## [Work order]
Below are records to give again exactly; omit each image they contain.

## [Stored data entries]

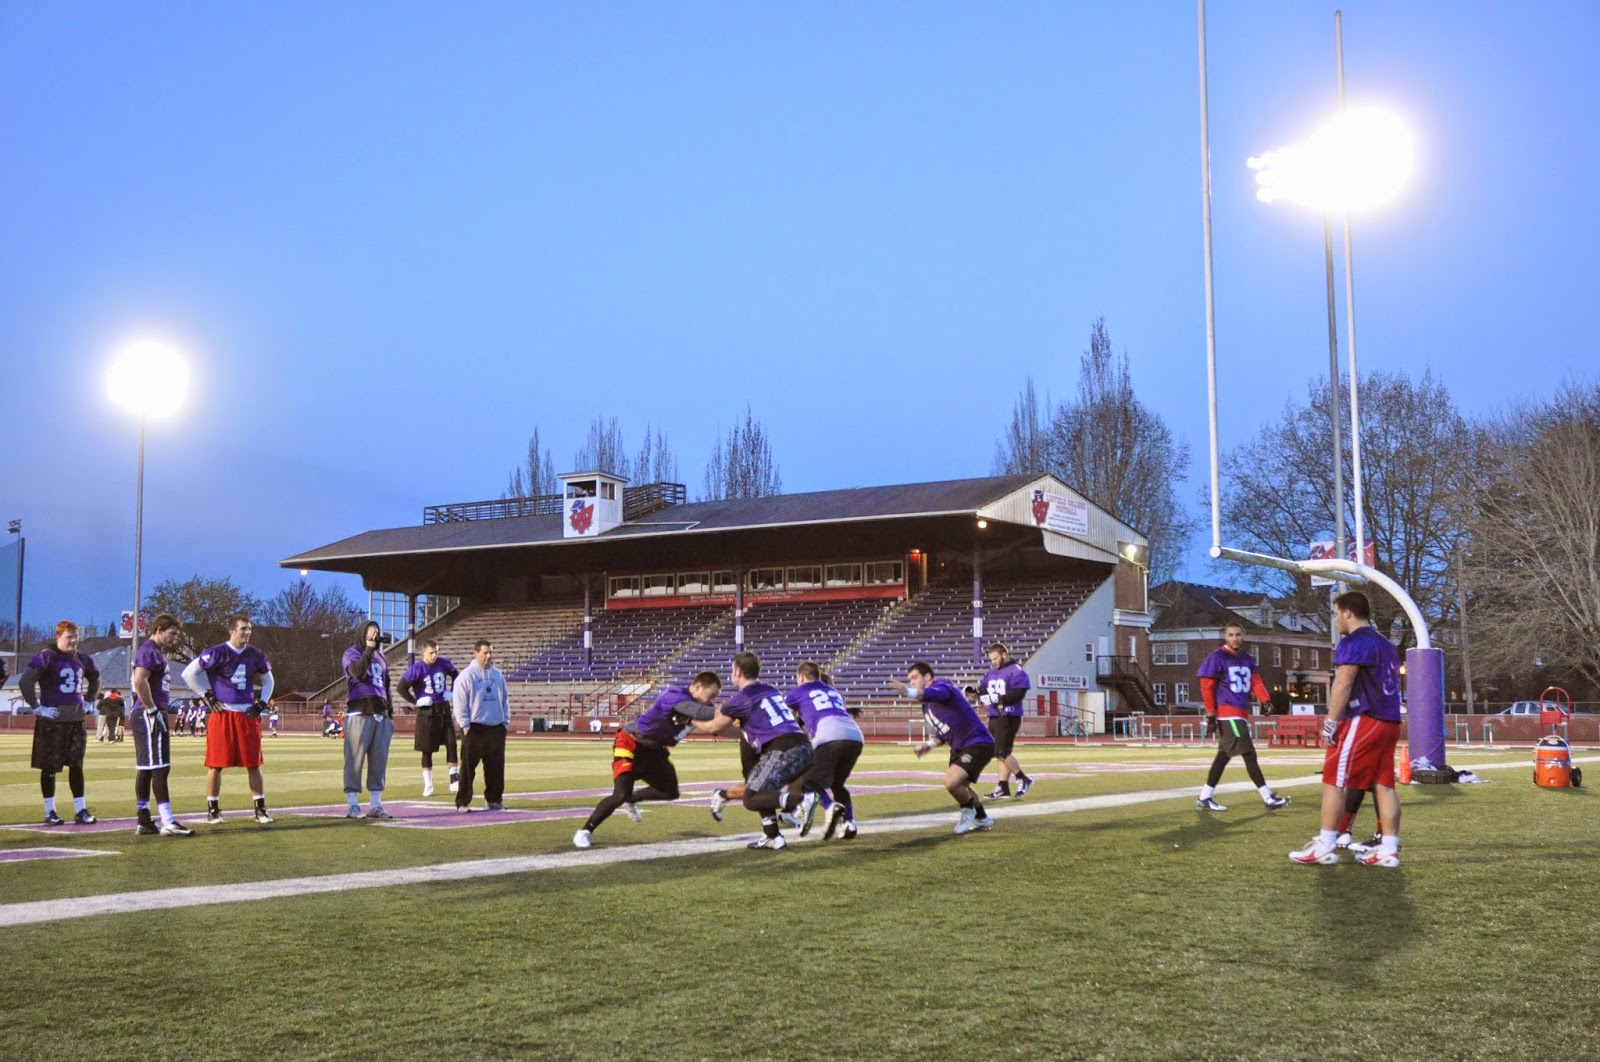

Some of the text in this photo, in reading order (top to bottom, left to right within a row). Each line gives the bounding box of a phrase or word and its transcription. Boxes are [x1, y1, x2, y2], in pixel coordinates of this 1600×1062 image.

[60, 667, 83, 694] 31
[231, 663, 247, 690] 4
[424, 672, 445, 694] 18
[1228, 666, 1252, 693] 53
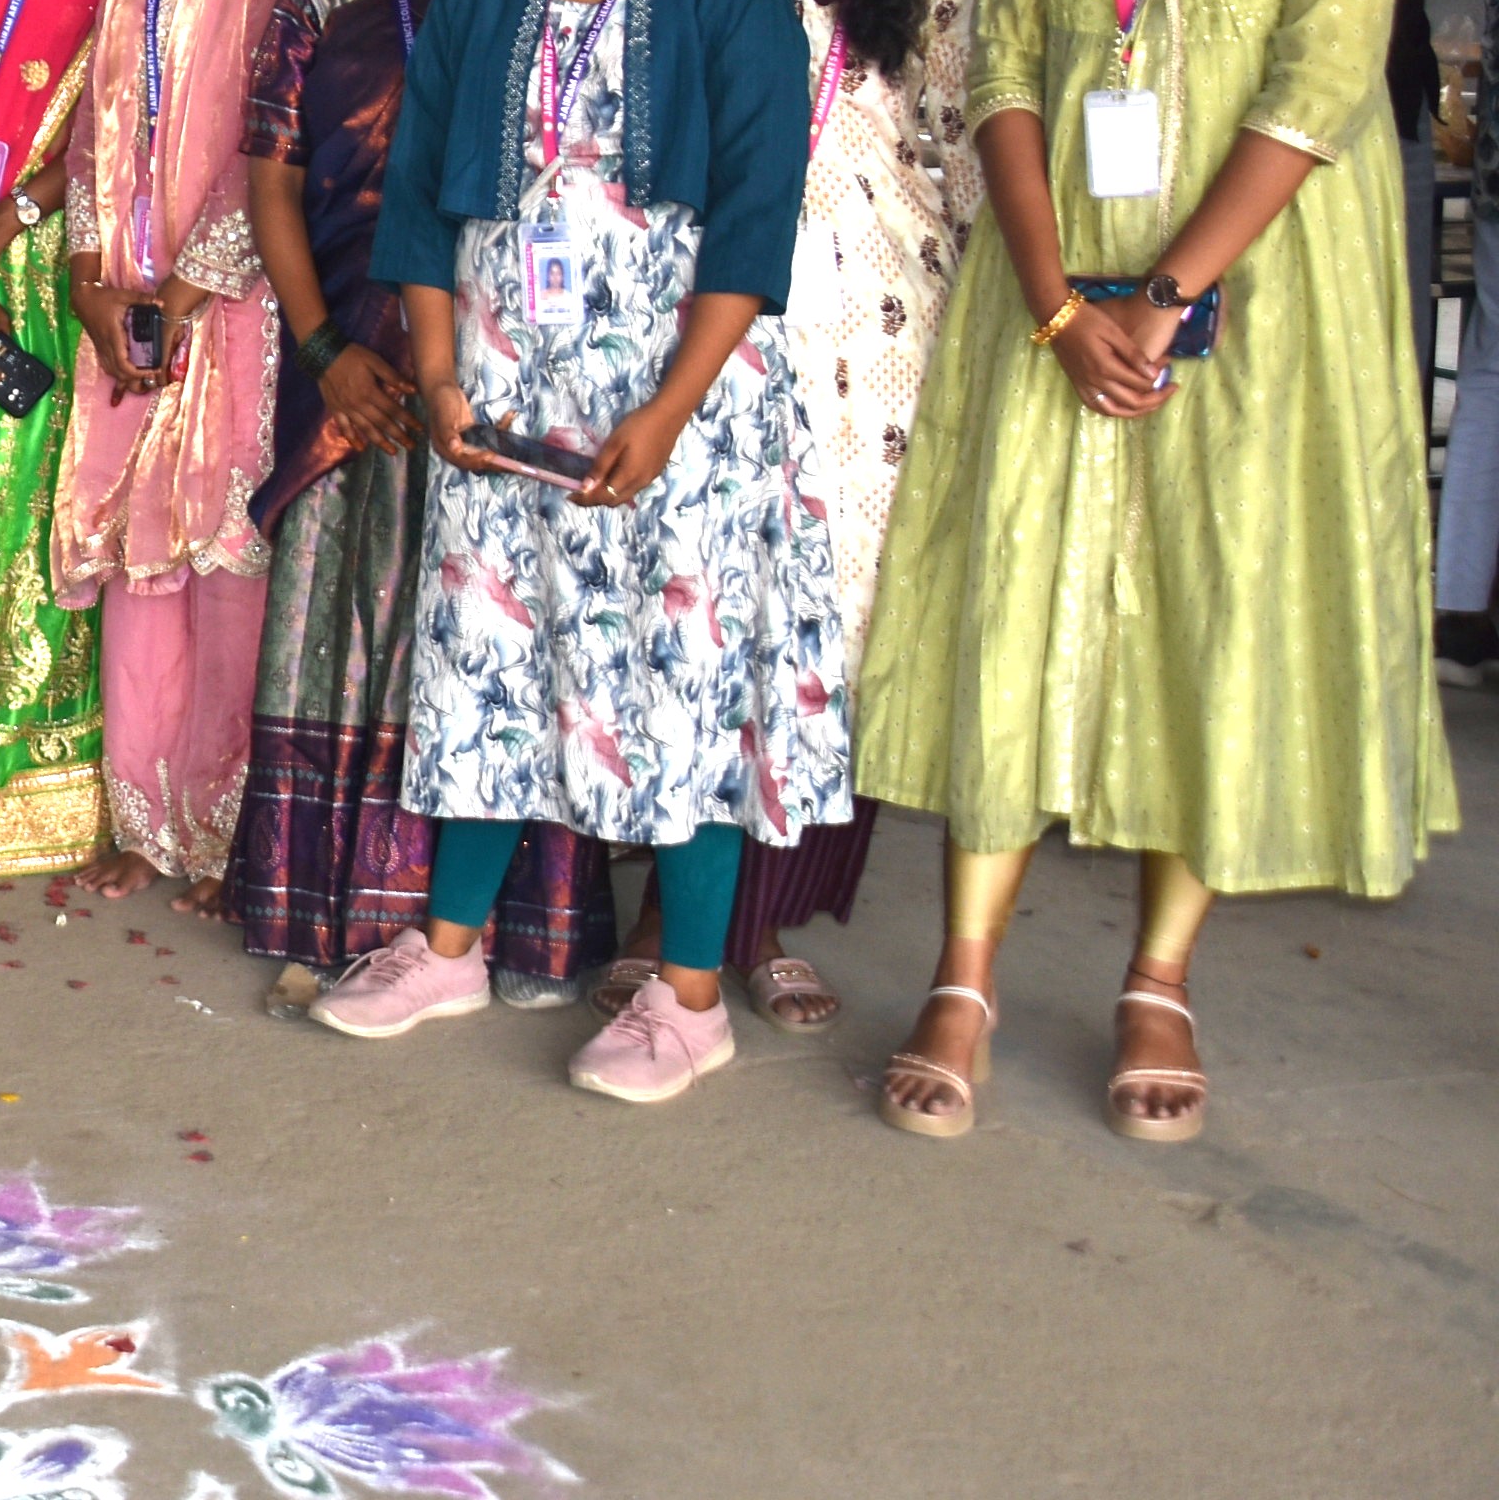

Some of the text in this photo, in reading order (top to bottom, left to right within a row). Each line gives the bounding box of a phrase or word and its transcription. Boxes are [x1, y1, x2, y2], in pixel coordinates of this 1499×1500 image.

[0, 17, 13, 49] JAIRAM
[146, 32, 154, 51] AND
[147, 53, 155, 76] ARTS
[544, 48, 553, 74] ARTS
[559, 79, 577, 120] JAIRAM
[572, 52, 587, 79] ARTS
[583, 30, 598, 51] AND
[815, 82, 831, 120] JAIRAM
[824, 56, 837, 82] ARTS
[831, 33, 841, 55] AND
[149, 78, 158, 112] JAIRAM
[543, 76, 552, 116] JAIRAM
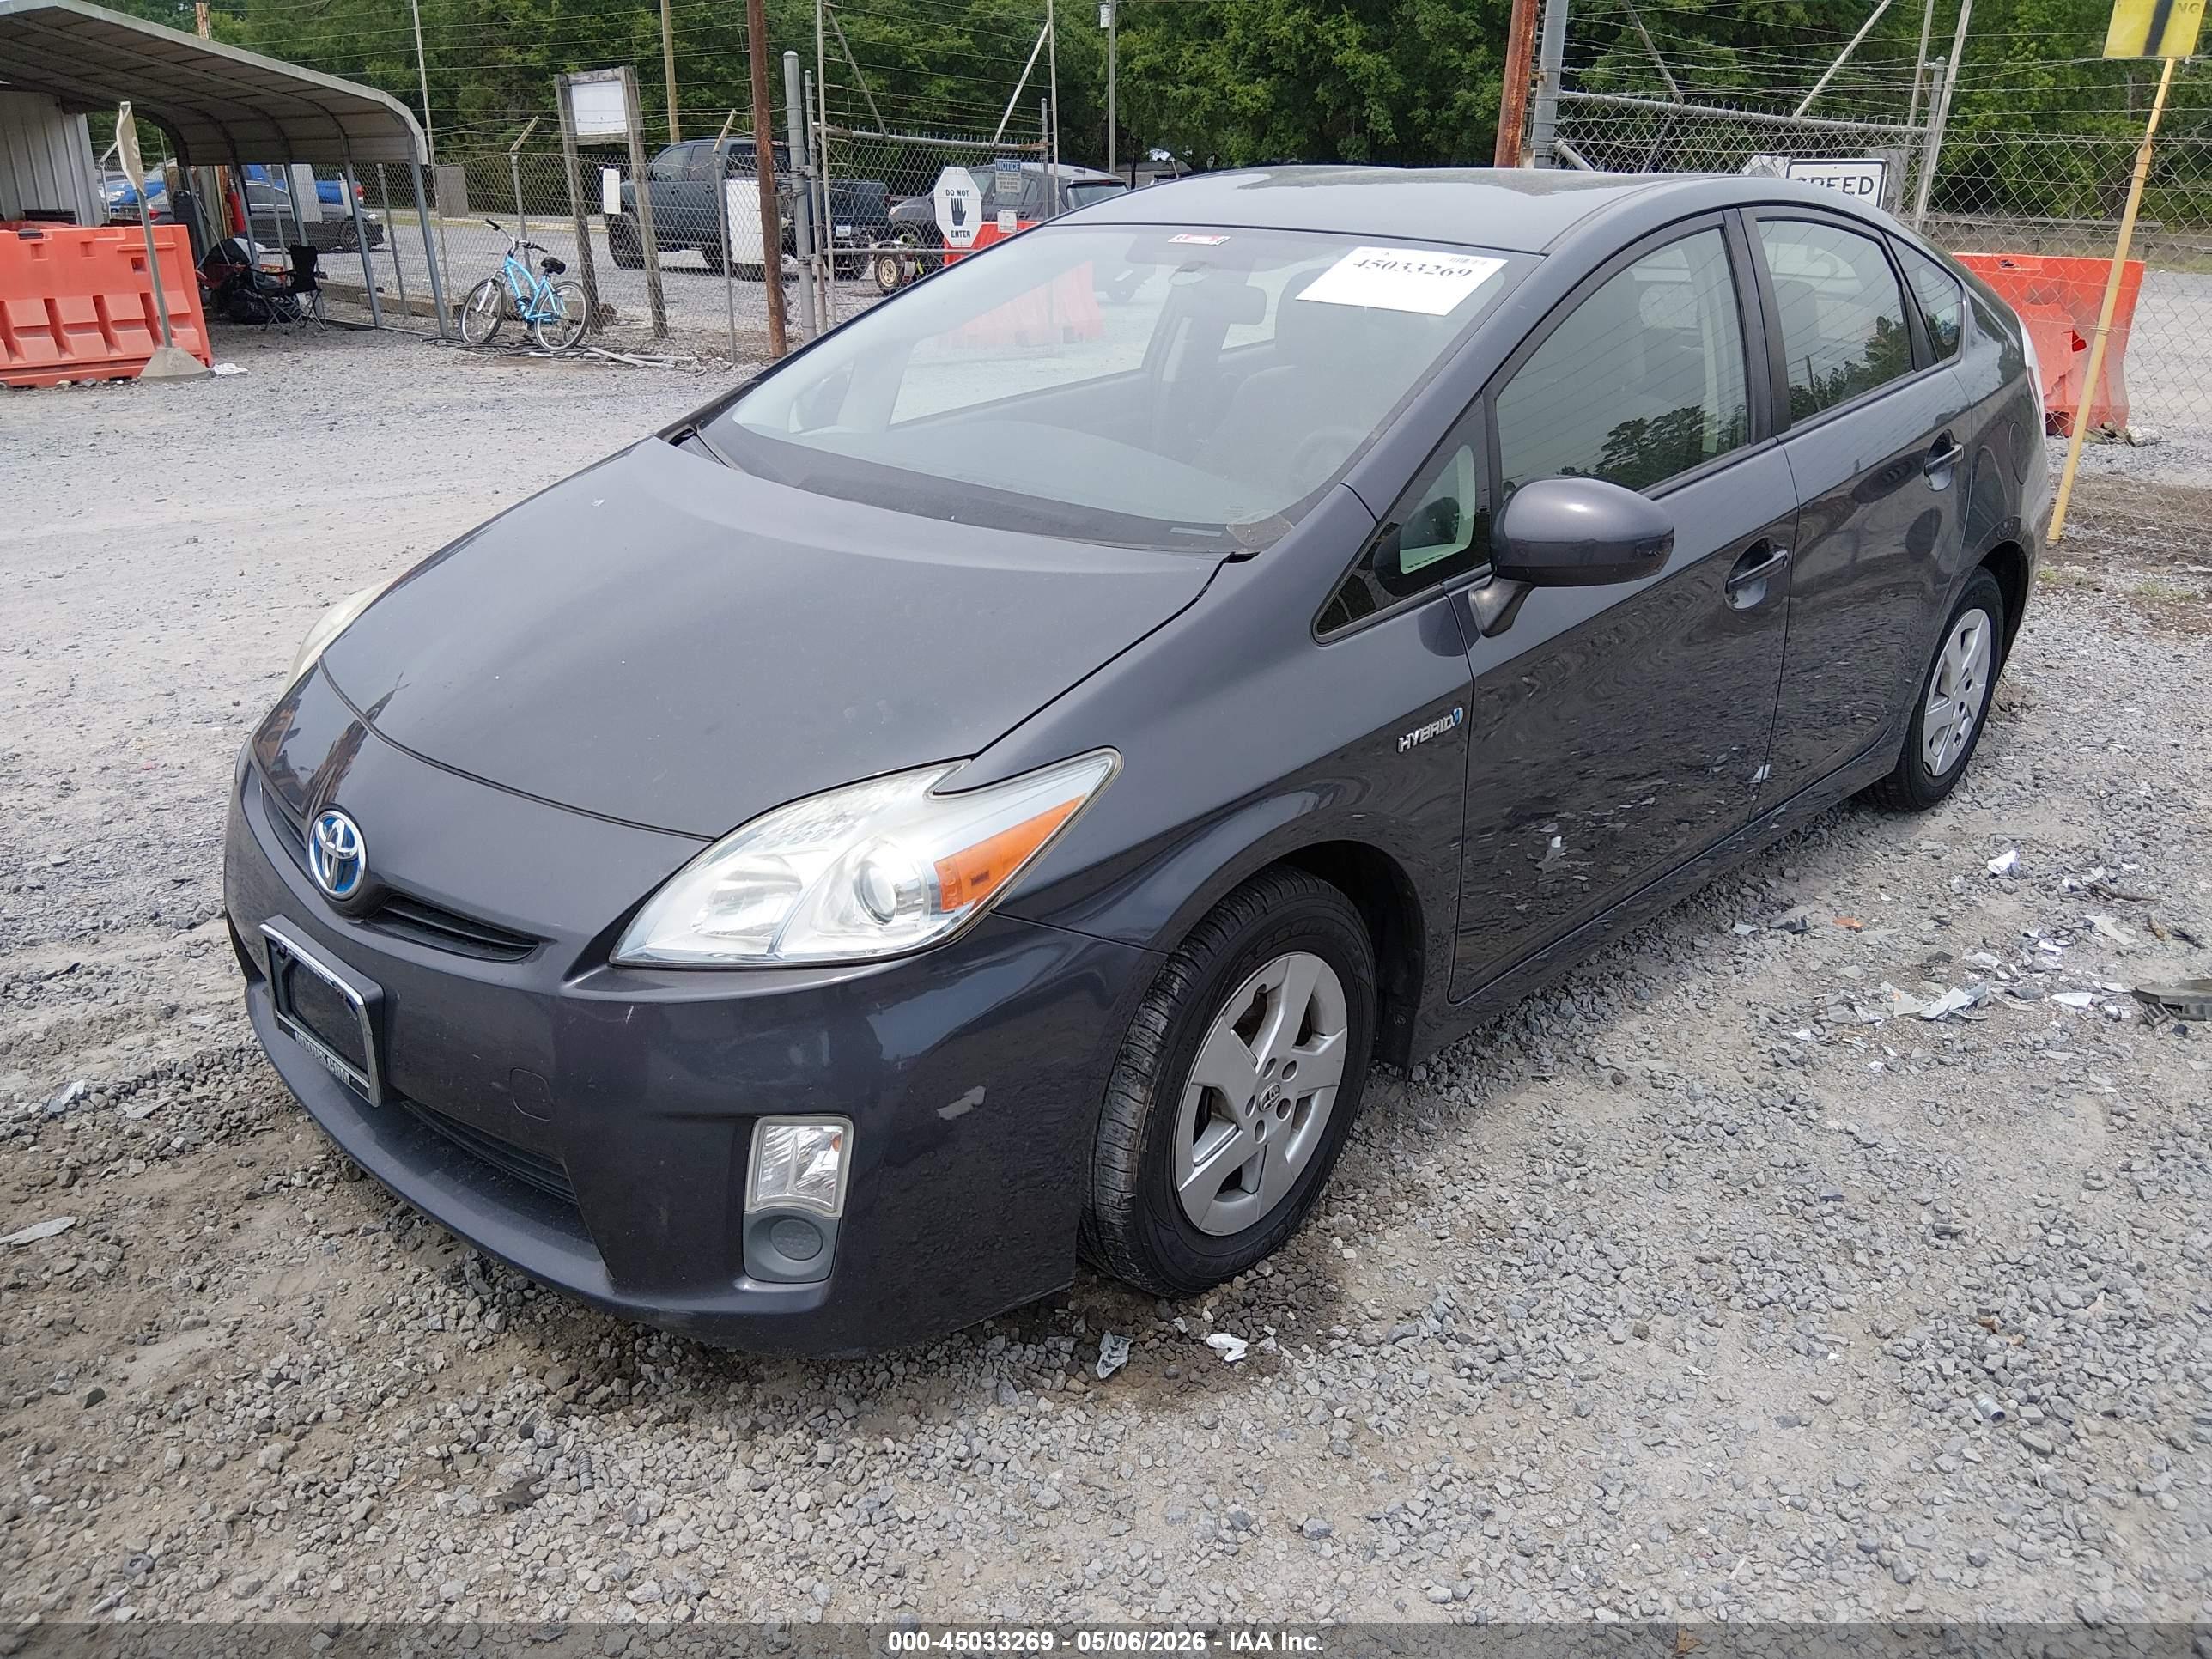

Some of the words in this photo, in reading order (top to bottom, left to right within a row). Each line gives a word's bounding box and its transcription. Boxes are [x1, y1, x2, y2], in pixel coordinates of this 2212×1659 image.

## [Written solution]
Some of the text in this photo, in reading order (top to bottom, left to right within a row). Each line gives the bounding box of a phrase or word and its transcription. Boxes are [x1, y1, x2, y2], in pixel coordinates of this 1600×1062 image.

[60, 667, 83, 694] 31
[231, 663, 247, 690] 4
[424, 672, 445, 694] 18
[1228, 666, 1252, 693] 53

Some of the text in this photo, in reading order (top to bottom, left to right within a row). Each line gives the bounding box of a phrase or word and its transcription. Boxes are [x1, y1, x2, y2], in pixel coordinates of this 1499×1500 image.

[0, 17, 13, 49] JAIRAM
[146, 32, 154, 51] AND
[147, 53, 155, 76] ARTS
[544, 48, 553, 74] ARTS
[559, 79, 577, 120] JAIRAM
[572, 52, 587, 79] ARTS
[583, 30, 598, 51] AND
[815, 82, 831, 120] JAIRAM
[824, 56, 837, 82] ARTS
[831, 33, 841, 55] AND
[149, 78, 158, 112] JAIRAM
[543, 76, 552, 116] JAIRAM

Some of the words in this photo, in reading order (top to bottom, left to right within a row). Each line gives a word's bounding box and its transcription. Boxes are [x1, y1, x2, y2], in pixel coordinates of this 2212×1659 image.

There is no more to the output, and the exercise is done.